MLB to Expand Robot Umpire Checked-Swing Challenges to Triple-A in 2026
MLB's robot ump is moving up: checked-swing challenges expand to Triple-A on May 5, with a 45-degree bat-angle threshold now defining a swing for the first time.

Baseball has been arguing about checked swings since before most fans were born, and MLB is finally doing something about it. Starting May 5, the league's Automated Ball-Strike Challenge System will expand from the Class A Florida State League to the Triple-A Pacific Coast League, bringing a defined, measurable standard to one of the game's most contested calls.
The mechanism is precise where the rulebook has never been. According to a memo from MLB vice president of on-field strategy Joe Martinez to general managers and other club executives, "a swing will be considered to have occurred if the maximum angle between the bat head and the bat handle exceeds 45 degrees." The Official Baseball Rules have never specified a checked-swing standard, stating only that "a strike is a legal pitch when so called by the umpire, which is struck at by the batter and is missed." That gap has left umpires and managers arguing over the same call for decades; since the 1970s, catchers have been able to request an appeal to a base umpire on non-strike checked-swing calls, but no appeal has been available when a strike was already called.
Under the challenge system, the batter, pitcher, or catcher may appeal the umpire's decision on whether a swing occurred. Each team carries two challenges and retains one if the appeal succeeds; additional challenges become available in extra innings. The International League will operate with two challenges per team, while the Pacific Coast League keeps three, per a memo to farm directors and Triple-A managers. The experiment first appeared in the Florida State League and was later extended to the Arizona Fall League before this spring's Triple-A expansion.
The checked-swing trial is not the only structural change coming to Triple-A. The International League will shift second base slightly toward home plate during the second half of the 2026 season, repositioning it entirely within the infield diamond. That adjustment trims nine inches from the distance between first and second and between second and third, a small geometry change with real implications for baserunning and infield positioning.
Triple-A clubs will also absorb tighter pace-of-play rules. MLB plans to reduce permissible pitcher disengagements from two to one per plate appearance, impose stricter limits on batter timeouts, and reset the pitch clock when PitchCom, the electronic signaling device in use since 2023, malfunctions. If play stops for a PitchCom problem, the team will be charged a mound visit; if that team has exhausted its allotment, an automatic ball is awarded.
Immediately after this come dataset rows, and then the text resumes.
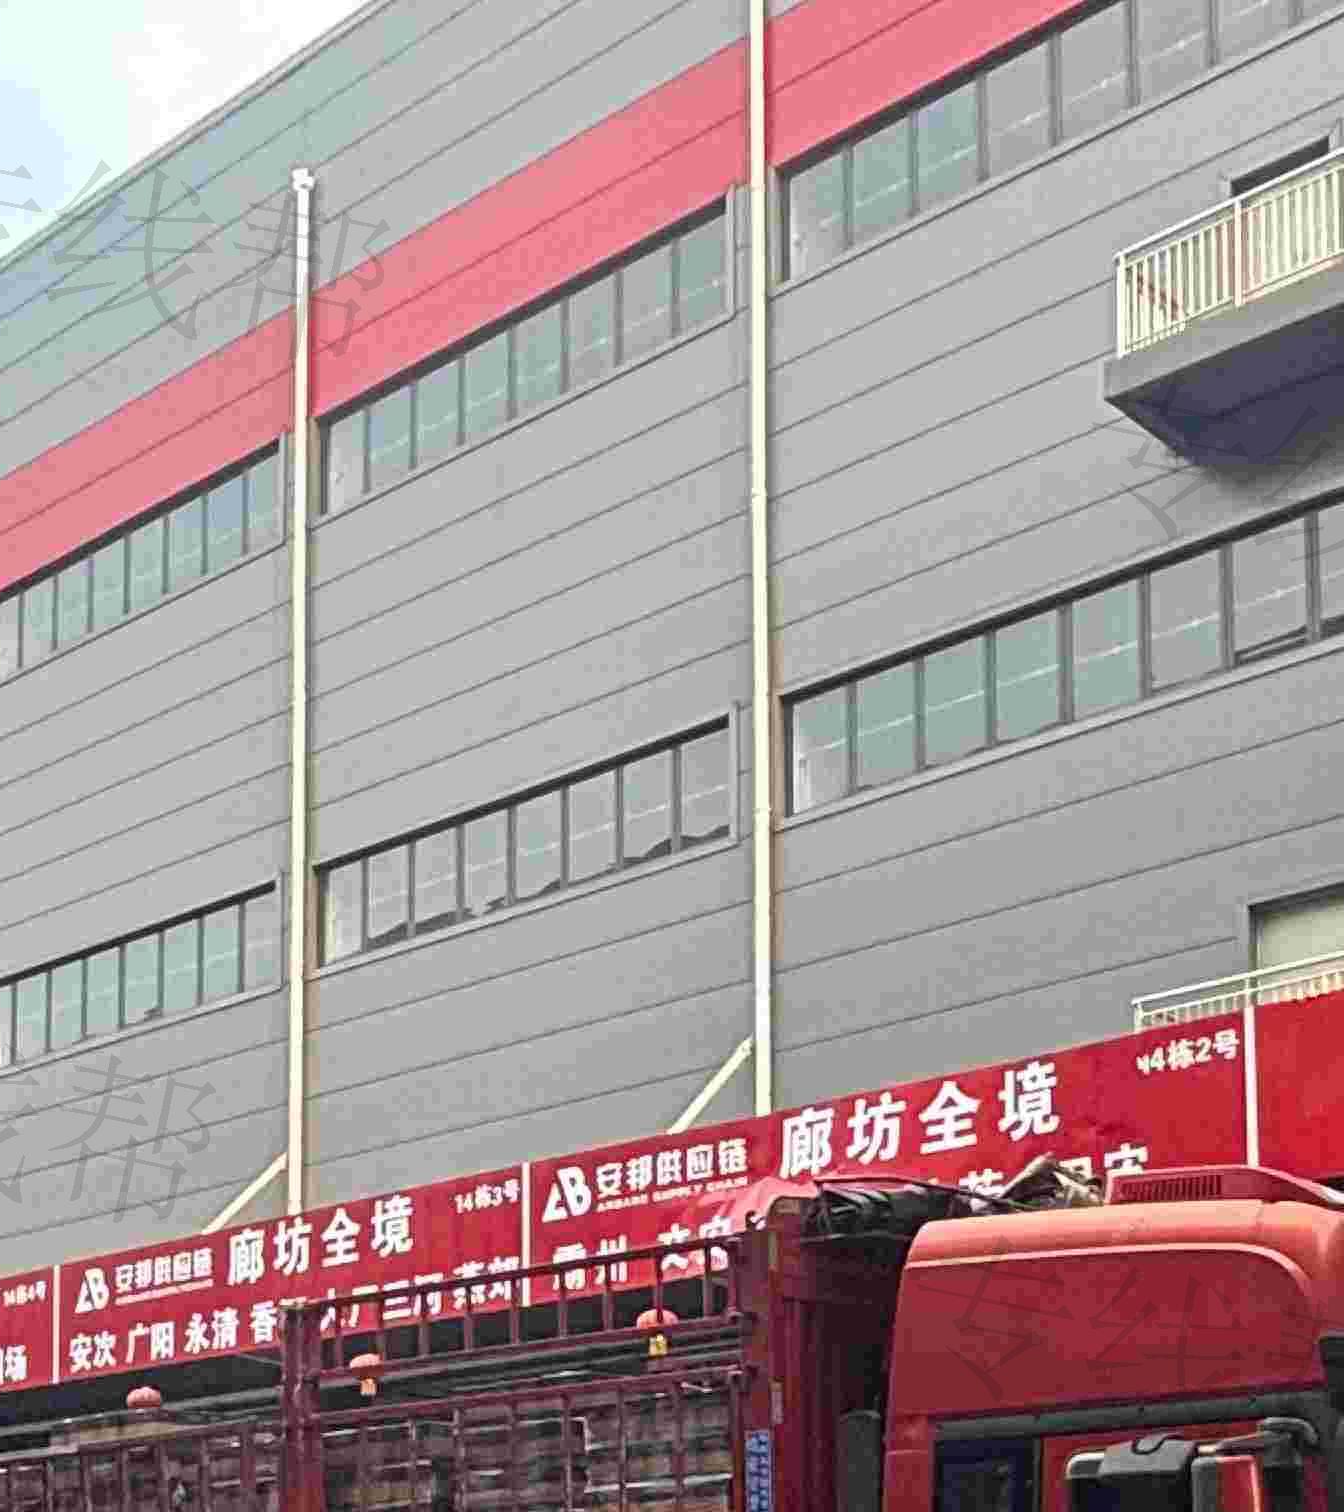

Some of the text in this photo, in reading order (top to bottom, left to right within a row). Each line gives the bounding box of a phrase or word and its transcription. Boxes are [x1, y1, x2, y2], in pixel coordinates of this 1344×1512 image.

[781, 1059, 1058, 1179] 廊坊全境
[596, 1138, 748, 1199] 安邦供应链
[227, 1194, 414, 1287] 廊坊全境
[68, 1330, 117, 1373] 安次
[126, 1321, 175, 1364] 广阳
[184, 1306, 239, 1355] 永清
Those rules come against a backdrop of creeping game times: the average nine-inning game ran 2 hours, 38 minutes last year, up from 2:36 in 2024. The stolen base success rate has also slid, falling from 80.2 percent in 2023 to 77.8 percent last year.

The league is simultaneously transitioning Triple-A away from alternating robot-only and human-with-challenge formats. This season, the automated system was used alone for the first three games of each series, with a human umpire and a challenge option in the final three. Starting June 25, the challenge system will be used exclusively across all Triple-A games, according to the Martinez memo.
Early data supports the direction. MLB reported that 47 percent of challenges have been successful in Triple-A this year. Staff and players prefer the challenge system over the fully automated one by a margin of 61 to 11 percent, while fans favor it by 2-to-1. The 45-degree threshold itself showed tangible effects during prior testing: Martinez noted the strikeout rate dropped 3 percent. Nearly 40 percent of Triple-A games have generated more than six total challenges, and 89 percent of fans said six or fewer was the optimal number, suggesting the current volume is already pushing what the market will bear.
Commissioner Rob Manfred has said robot umpires are unlikely to reach the major leagues without further refinement. These Triple-A experiments are where that refinement happens, one 45-degree angle at a time.